>>

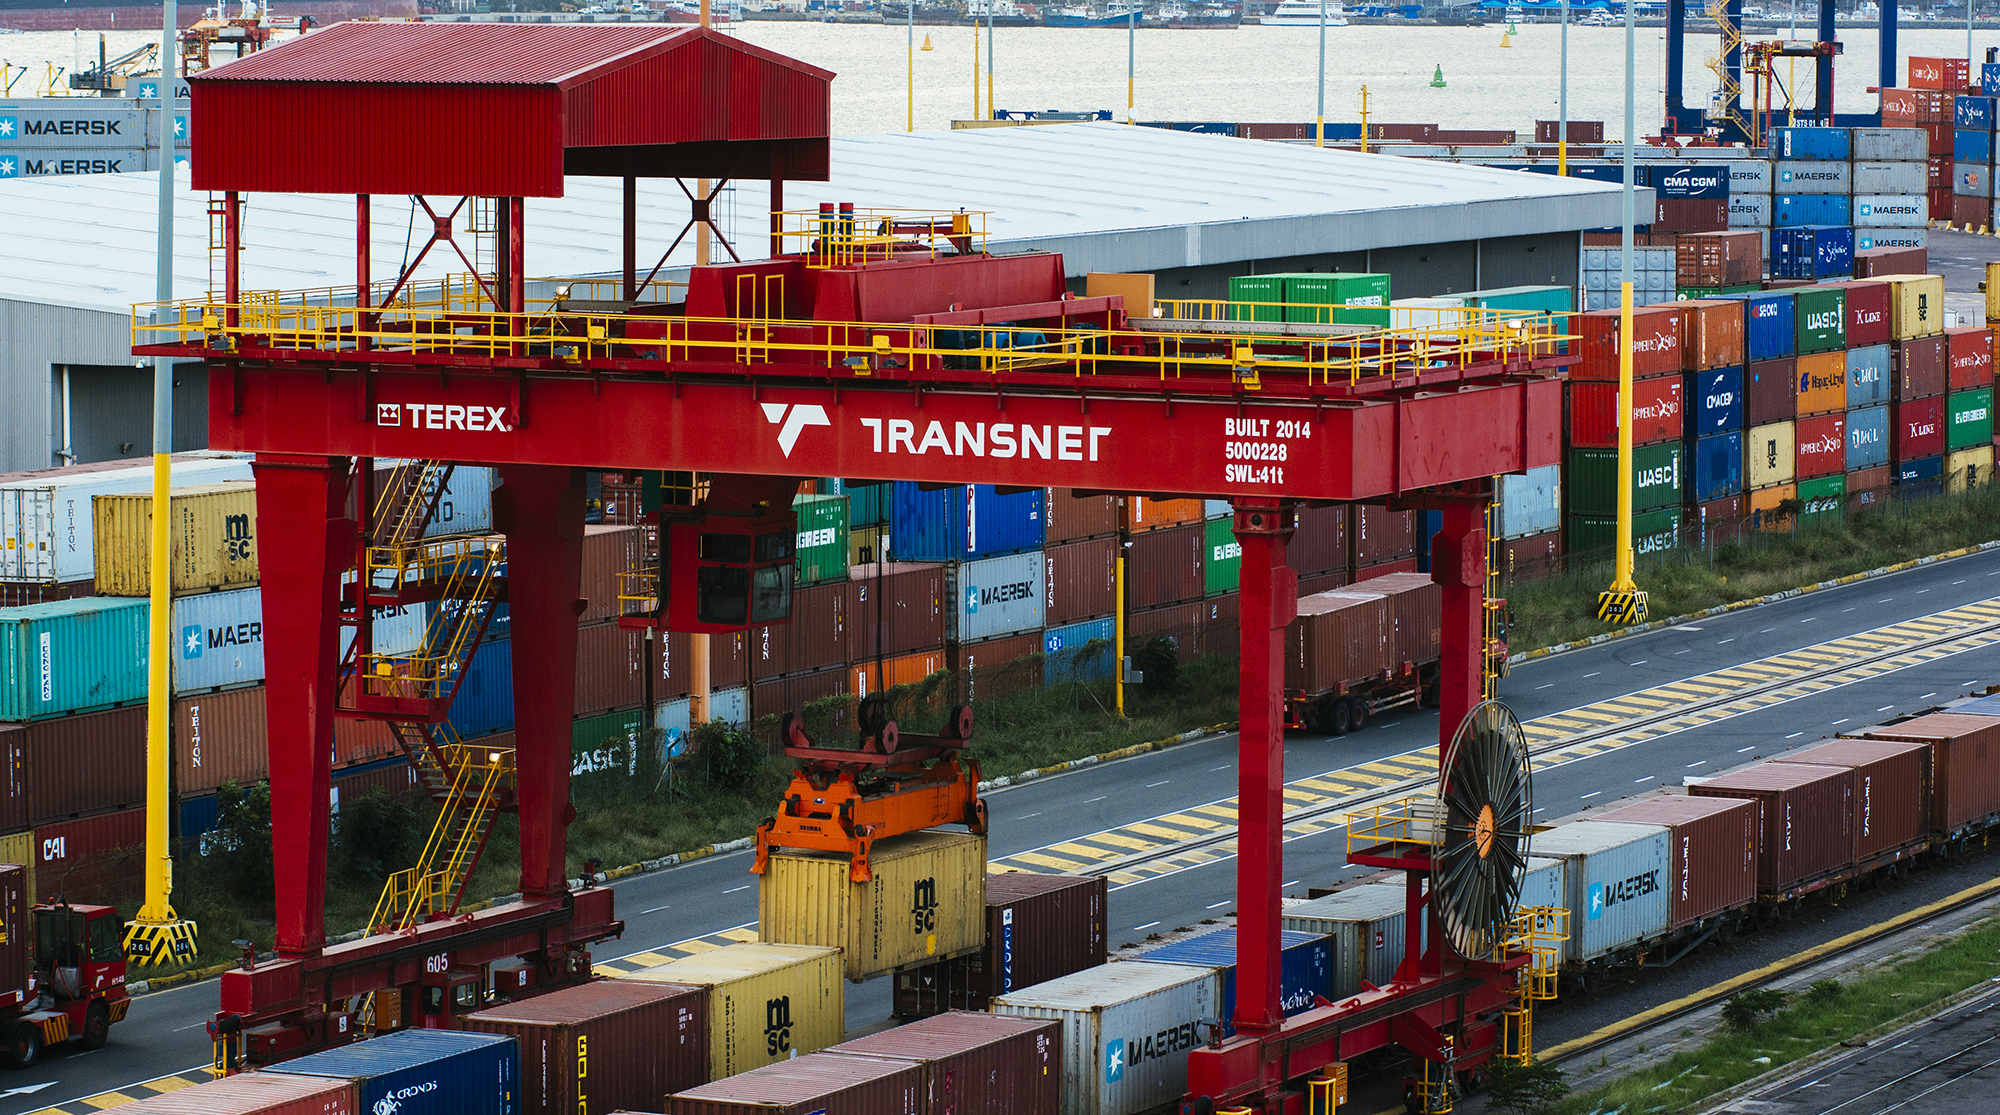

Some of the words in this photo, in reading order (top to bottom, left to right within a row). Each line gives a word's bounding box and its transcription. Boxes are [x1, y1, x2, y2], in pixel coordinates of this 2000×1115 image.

[25, 120, 121, 135] MAERSK
[1663, 177, 1689, 187] CMA
[1691, 177, 1717, 187] CGM
[1728, 172, 1761, 180] ERSK
[1728, 205, 1760, 214] ERSK
[1874, 206, 1918, 214] MAERSK
[1875, 239, 1919, 247] MAERSK
[1807, 311, 1837, 330] UASC
[859, 417, 1112, 461] TRANSNET
[1225, 418, 1269, 437] BUILT
[1276, 419, 1310, 439] 2014
[1225, 441, 1287, 462] 5000228
[1225, 464, 1283, 485] SWL:41t
[1638, 465, 1672, 488] UASC
[67, 499, 76, 552] TRITON
[797, 527, 835, 550] GREEN
[1213, 542, 1242, 561] EVERG
[981, 580, 1034, 606] MAERSK
[207, 621, 262, 649] MAER
[190, 706, 201, 768] TRITON
[800, 824, 822, 832] BROMMA
[43, 836, 66, 861] CAI
[1605, 868, 1660, 908] MAERSK
[132, 942, 150, 952] 264
[426, 952, 449, 974] 605
[1004, 926, 1012, 994] CRONO
[1128, 1020, 1202, 1067] MAERSK
[397, 1080, 438, 1101] CRONOS

<<

## YOUR ASSIGNMENT
For every entry, return its exact wording and leave out any image.

## OUTPUT OF THE EXERCISE
Some of the words in this photo, in reading order (top to bottom, left to right within a row). Each line gives a word's bounding box and its transcription. Boxes are [x1, y1, x2, y2], in pixel coordinates of this 2000×1115 image.

[25, 120, 121, 135] MAERSK
[1663, 177, 1689, 187] CMA
[1691, 177, 1717, 187] CGM
[1728, 172, 1761, 180] ERSK
[1728, 205, 1760, 214] ERSK
[1874, 206, 1918, 214] MAERSK
[1875, 239, 1919, 247] MAERSK
[1807, 311, 1837, 330] UASC
[859, 417, 1112, 461] TRANSNET
[1225, 418, 1269, 437] BUILT
[1276, 419, 1310, 439] 2014
[1225, 441, 1287, 462] 5000228
[1225, 464, 1283, 485] SWL:41t
[1638, 465, 1672, 488] UASC
[67, 499, 76, 552] TRITON
[797, 527, 835, 550] GREEN
[1213, 542, 1242, 561] EVERG
[981, 580, 1034, 606] MAERSK
[207, 621, 262, 649] MAER
[190, 706, 201, 768] TRITON
[800, 824, 822, 832] BROMMA
[43, 836, 66, 861] CAI
[1605, 868, 1660, 908] MAERSK
[132, 942, 150, 952] 264
[426, 952, 449, 974] 605
[1004, 926, 1012, 994] CRONO
[1128, 1020, 1202, 1067] MAERSK
[397, 1080, 438, 1101] CRONOS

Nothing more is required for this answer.